OT/speech and language therapy/social work related jobs that aren't social work(1 Post)
Just wondering if there are any OTs/SALTs/trained social workers (either practising or not practising in those fields) who might be able to help me with my retraining dilemma?
I have been working in mental health support work for a while, much of which I have loved but as often happens, I have realised it is generally quite a low level, Jack of all trades role and I really do want to specialise. My experience in this area has shown me that what I want from a career is to a), help people, especially if they are highly vulnerable b), remain on the front line c), work mostly sociable hours and d), be intellectually challenged.
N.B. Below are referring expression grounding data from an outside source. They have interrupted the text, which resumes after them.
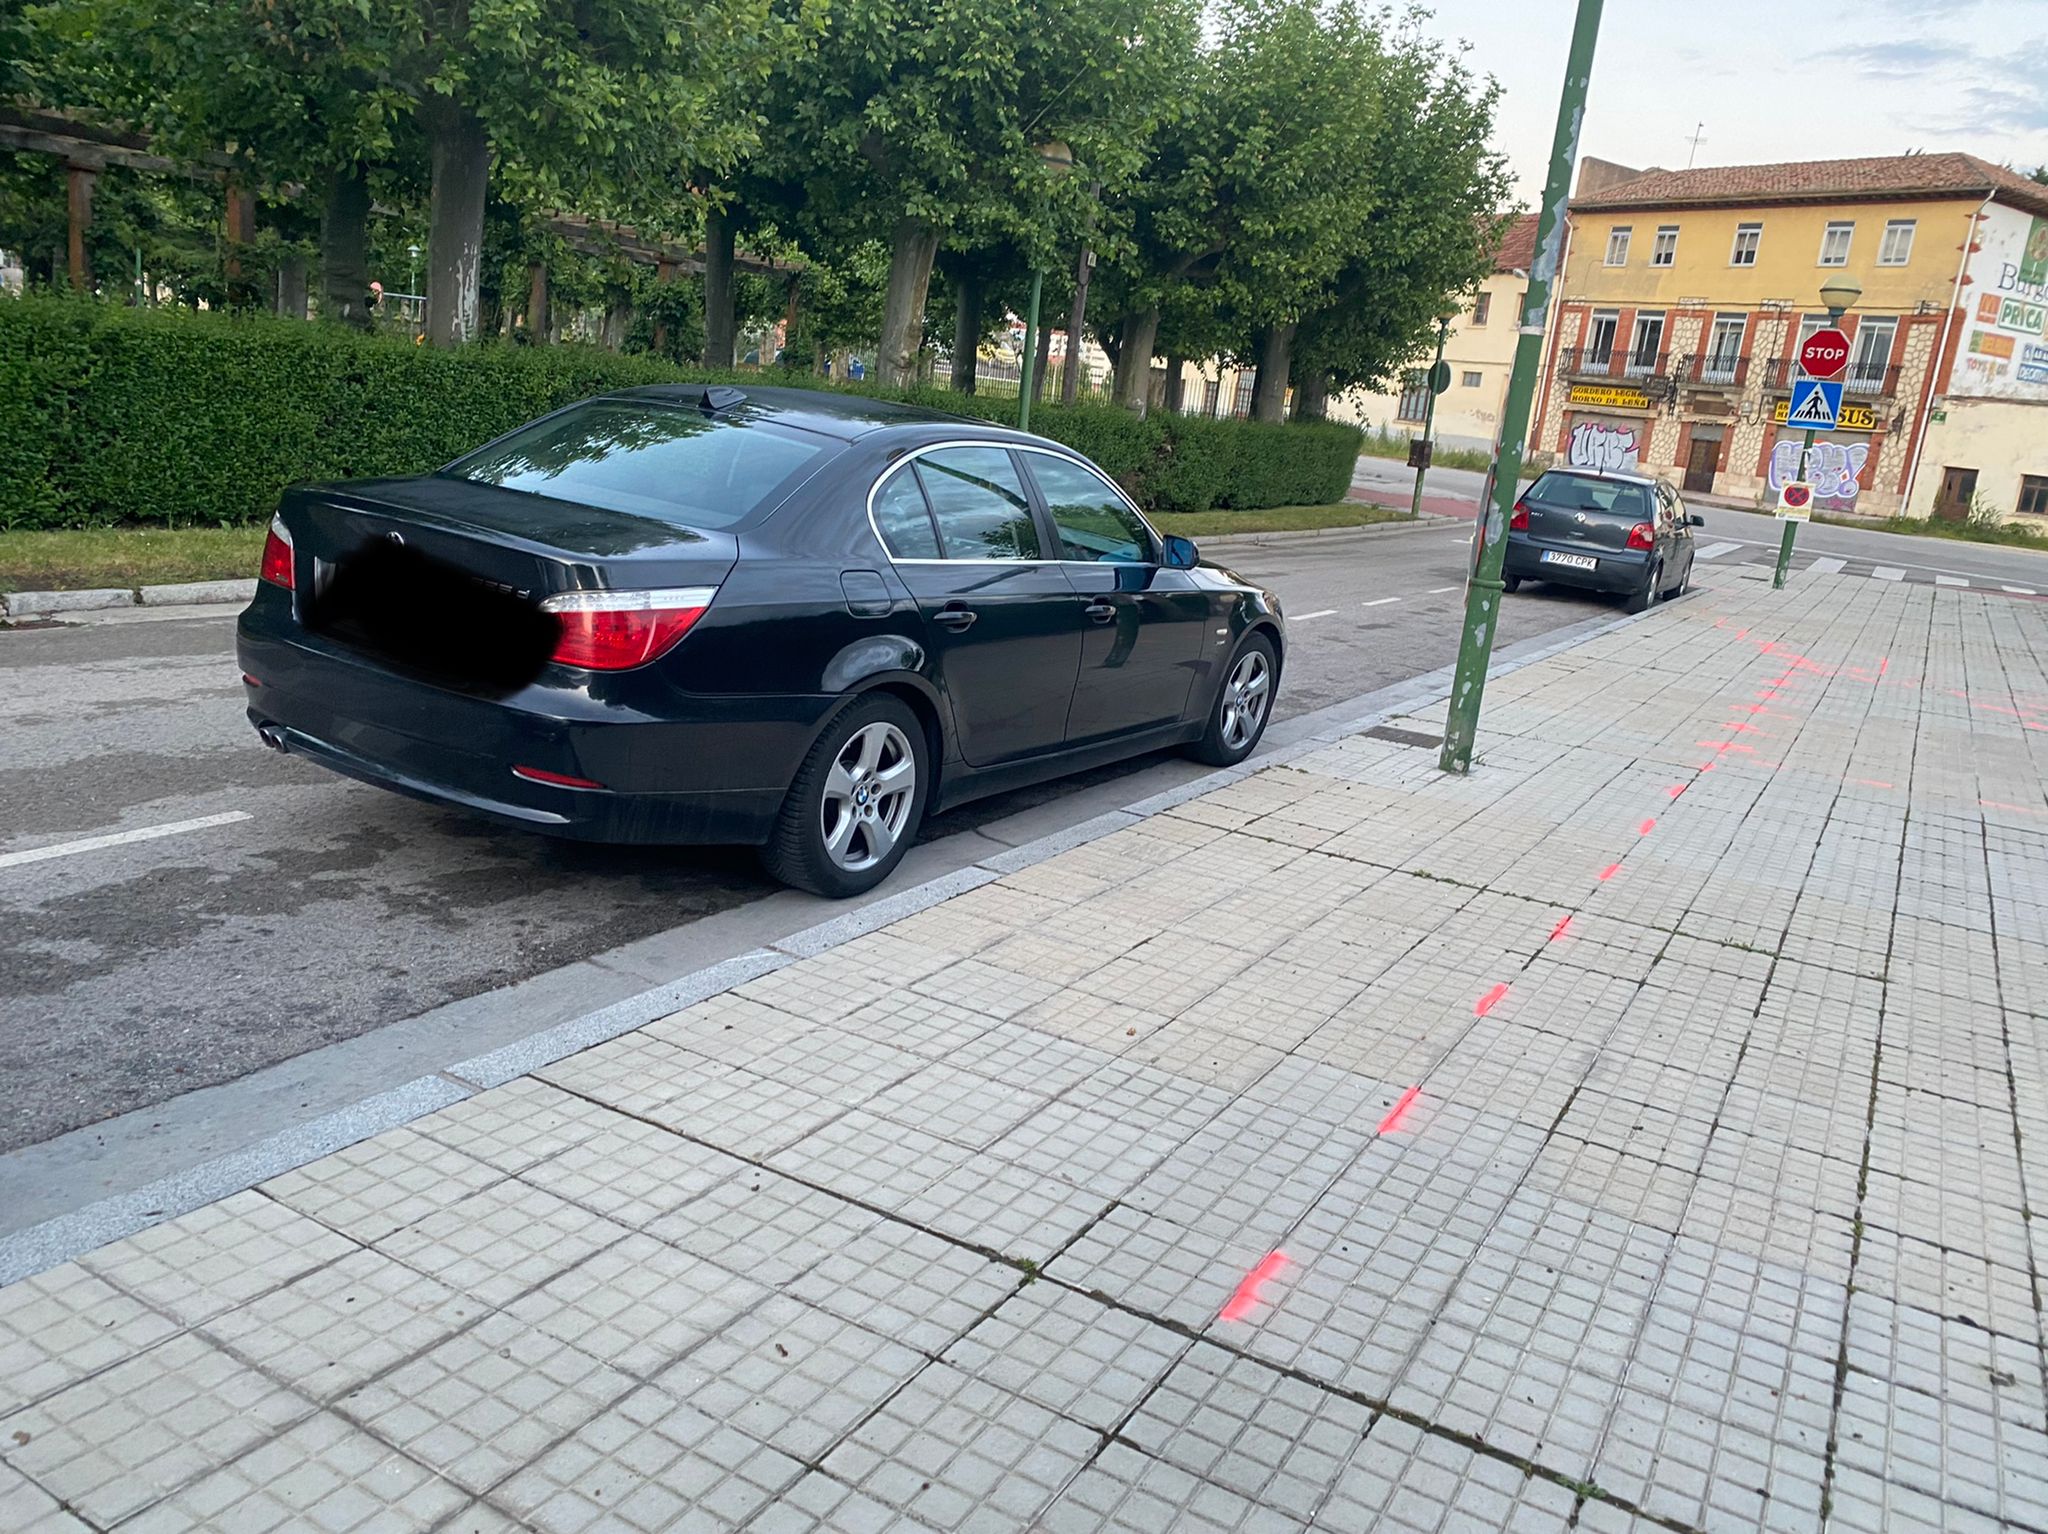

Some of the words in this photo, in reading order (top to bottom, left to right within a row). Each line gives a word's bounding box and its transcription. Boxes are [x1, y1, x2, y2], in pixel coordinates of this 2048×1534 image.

[2001, 303, 2042, 330] PRYCA
[1805, 347, 1845, 360] STOP
[1572, 395, 1602, 403] HORNO
[1606, 397, 1618, 405] DE
[1549, 552, 1573, 564] 3770
[1575, 556, 1594, 567] CPK
It seems that the therapies are the most obvious careers for ticking all those boxes and, having discounted counselling due to its appalling under funding by the government and subsequent lack of jobs, I have been looking into either OT or SALT. The more I read about them the more I like the sound of them, but as I'd most likely have to study for four years for either one I am cautious about jumping in too hastily. As a third option I am also considering training in social work, not because I want to be a social worker (huuuugely stressful I hear, and not that much front line client facing work) but because I have been led to believe that there are some interesting positions out there requiring a social work degree that aren't social work (mental health adviser at a university is one that springs to mind).
I would like to ask any OTs:
In a hospital setting, is there much personal care involved? This is the main thing that puts me off, I hear toileting patients is a requirement. If most hospital settings do necessitate this, any ideas how prevalent non hospital positions are?
I would like to ask any SALTs:
Is the prevalence of SALT positions as poor as some people have said? "Fierce" is the word I've heard used to describe competition for jobs.
Finally, I would like to ask any social workers:
To your knowledge, are there a decent number of jobs requiring this qualification that aren't social work itself (i.e. a more specialist form of support work) or do you think studying social work simply to go for these jobs is naive?
Thank you for reading my mini essay, I would really appreciate any pointers.